Thursday, February 2, 2012

Angelman Syndrome

Until October 17, 2010, I knew only briefly about Angelman Syndrome ("AS").  And only because I was so intent on finding out what was wrong with my boy.  I had this huge laundry list of symptoms but no overlying reason WHY he had all these issues.  To compound my angst, he was growing well, he didn't have seizures, his head was growing proportionally to his body and JEEZ was this kid happy.  Always happy.  To the point that doctors looked at me funny when I'd say "look, I know I shouldn't complain about this but he is SO HAPPY."  Try it.  Turns out Dr. Google was the only one who would listen to me.  One night, on a whim, I typed in all of W's major issues, including insanely happy.  What came up instantly was a document from a California med school (can't remember which right now) neurological program.  Directly to Angelman Syndrome.  And he definitely meet much of the criteria, though not all of it.  That was ok, I would learn, AS is a spectrum disorder like autism, etc.

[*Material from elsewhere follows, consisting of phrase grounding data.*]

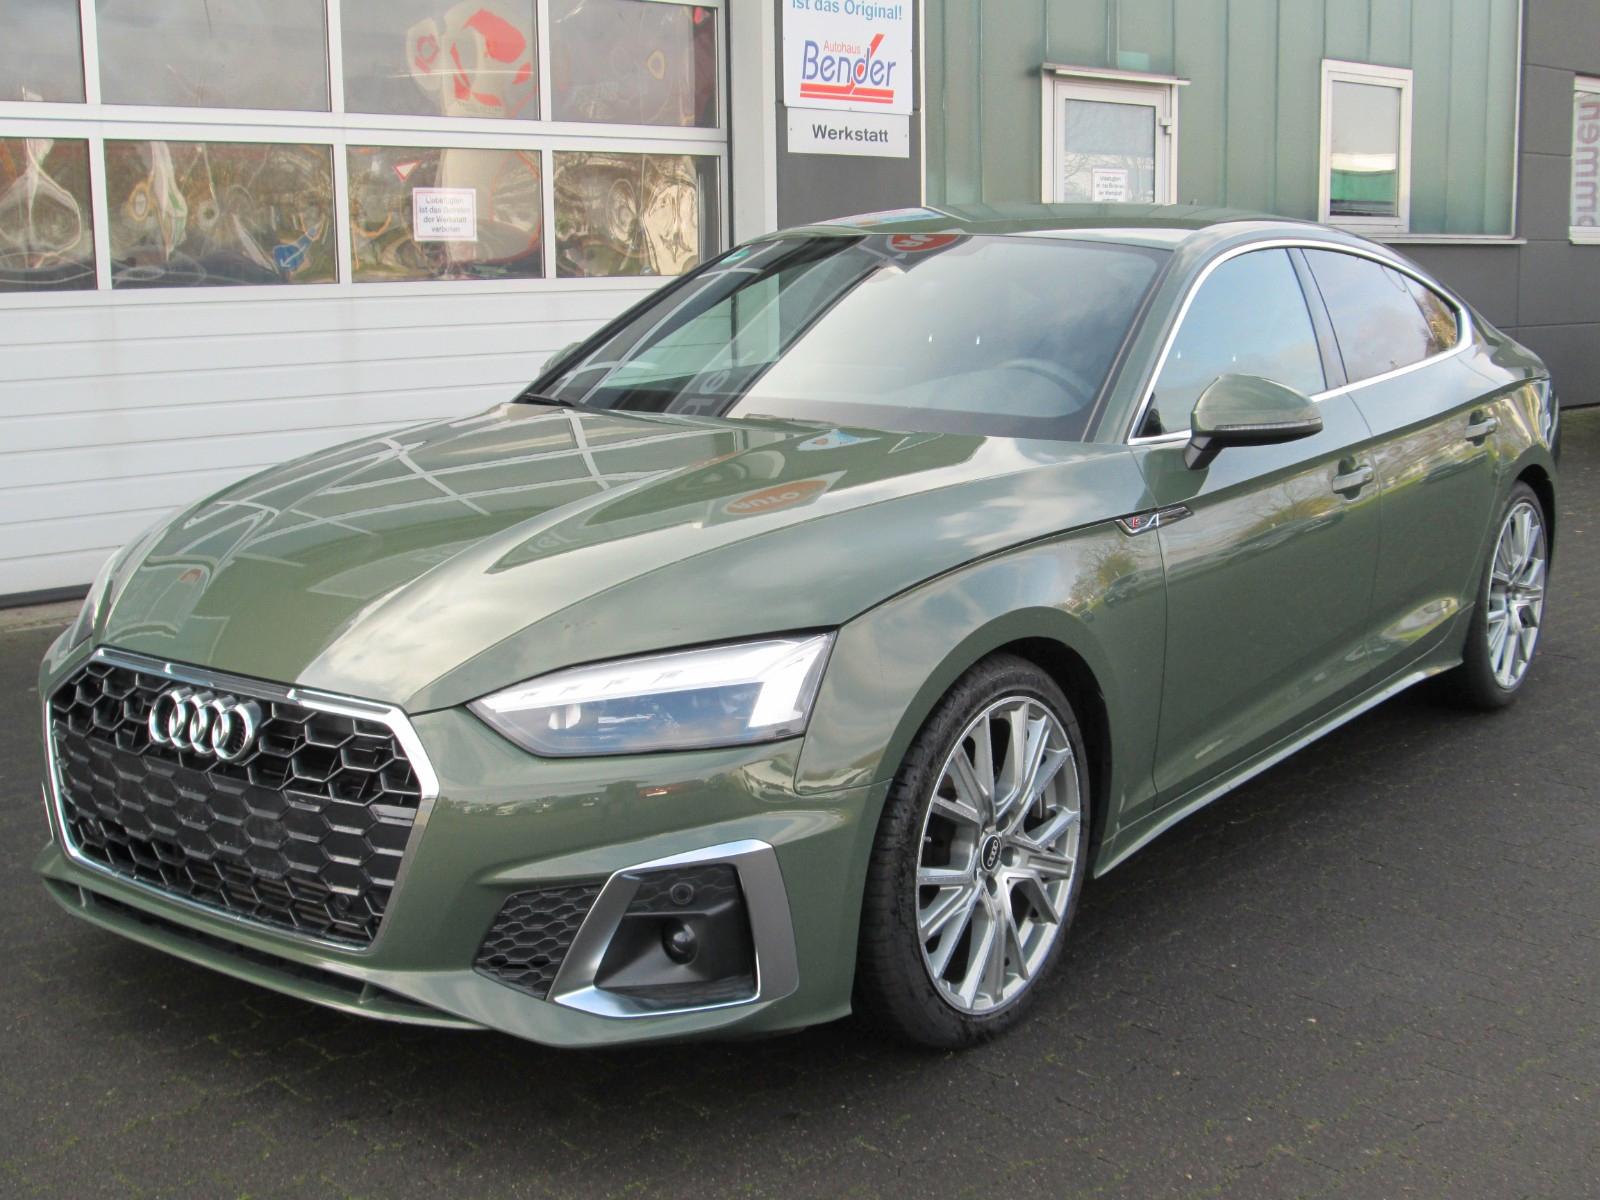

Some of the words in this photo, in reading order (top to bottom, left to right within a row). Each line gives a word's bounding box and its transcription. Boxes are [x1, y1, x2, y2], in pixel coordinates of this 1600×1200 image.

[814, 0, 840, 13] das
[844, 0, 902, 20] Original!
[823, 40, 861, 55] Autohaus
[802, 40, 896, 86] Bender
[812, 123, 889, 143] Werkstatt

So what is AS?  Per wikipedia it is a neurogenetic condition caused by a break or deletion on the 15th chromosome.  Normally a fetus is given a maternal copy of 15 and a paternal copy of 15.  In normal births, the maternal copy of 15 carries the genetic code.  1 in 20,000 births results in a deletion or "break" in a segment of the maternal copy of chromosome 15.  My son has a rarer form, in that 3% of that 1 in 20,000 (yeah, can't do the math on that) has Uniparental Disomy Angelman Syndrome.  In essence, at conception, W got one maternal copy of 15 and two paternal copies.  A trisomy (three) of chromosome 15 is not conducive to life, so his little developing self got rid of the maternal copy and, voila, AS.

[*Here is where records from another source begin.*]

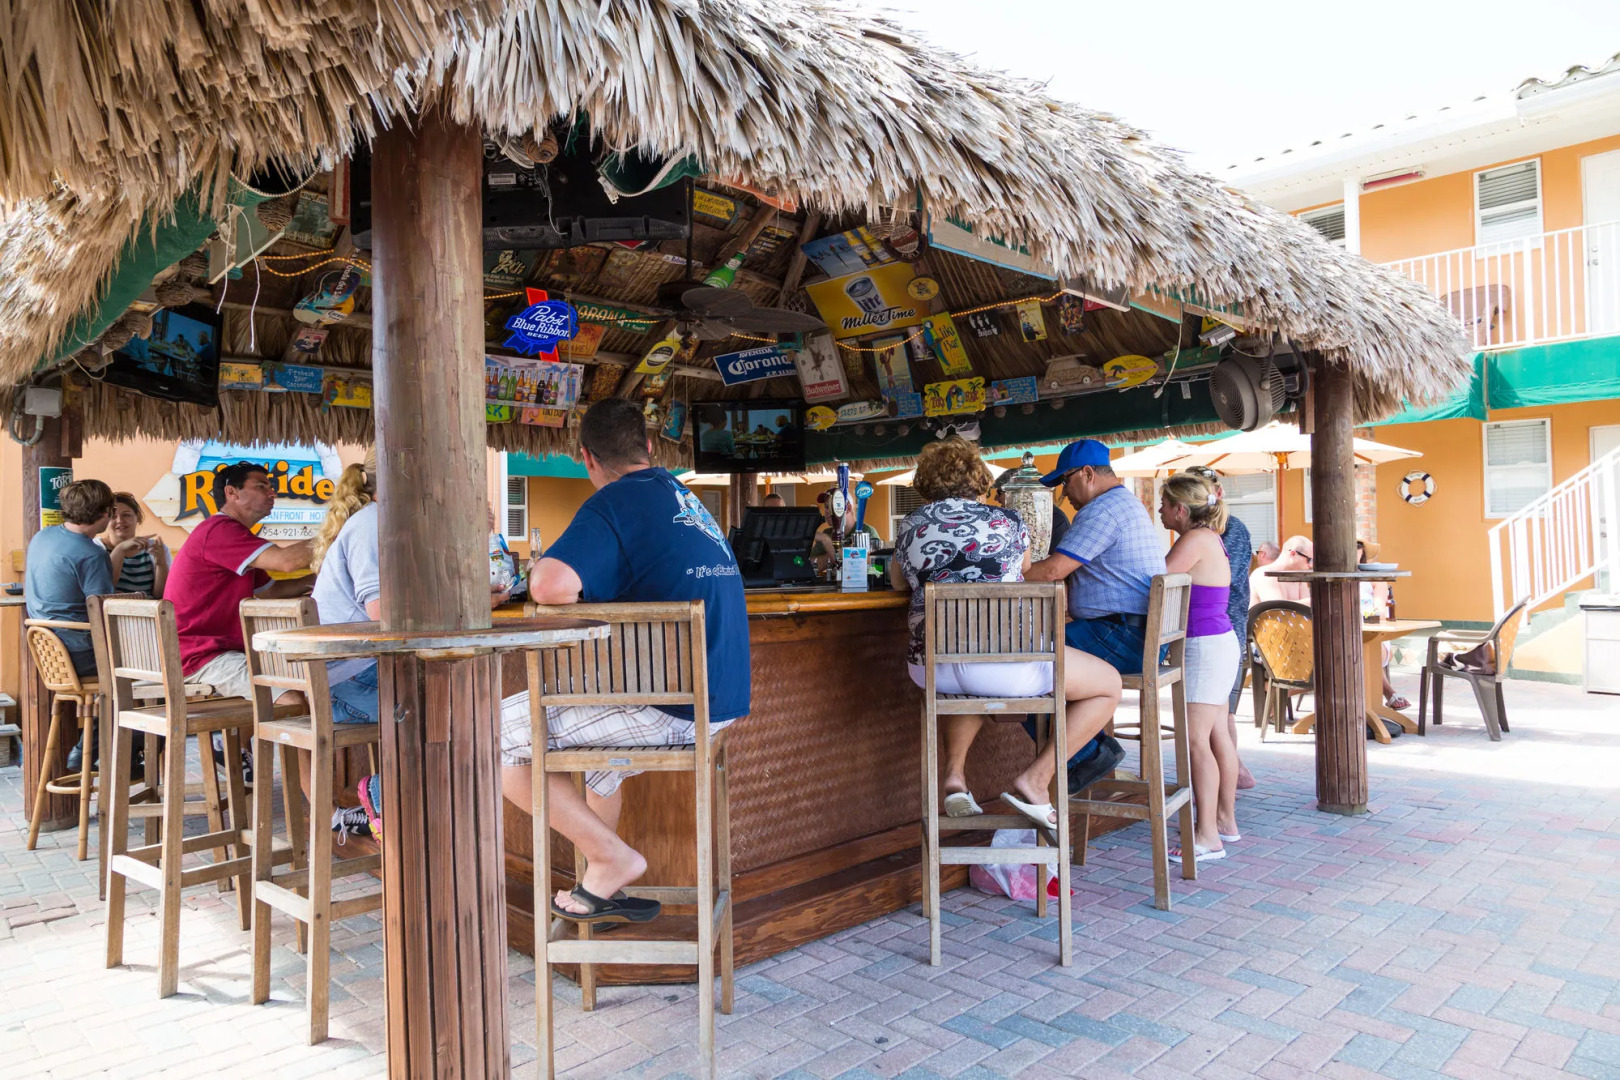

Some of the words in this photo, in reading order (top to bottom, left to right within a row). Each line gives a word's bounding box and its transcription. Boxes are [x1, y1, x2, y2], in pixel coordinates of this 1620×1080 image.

[529, 305, 570, 326] Pabst
[841, 312, 885, 330] Miller
[881, 305, 916, 321] Time
[512, 317, 535, 332] Blue
[535, 322, 570, 338] Ribbon
[526, 332, 550, 340] BEER
[739, 348, 773, 359] AVENIDA
[805, 383, 840, 395] Budweiser

Signs and symptoms of AS include:
  • developmental delays
  • Inability to walk
  • Lack of or minimal speech
  • Frequent smiling and laughing
  • Seizures
  • Trembling of extremities (tremors)
  • Stiff movements
  • Waving hands
  • Strabismus (crossing eyes)
  • Hypopigmented (lighter skin, hair)
The only way to determine AS is via a blood test normally administered by a geneticist or neurologist.  They will do a UBE3A test (the segment on maternal 15 broken or deleted) and a methylation test.  The methylation test determined our AS.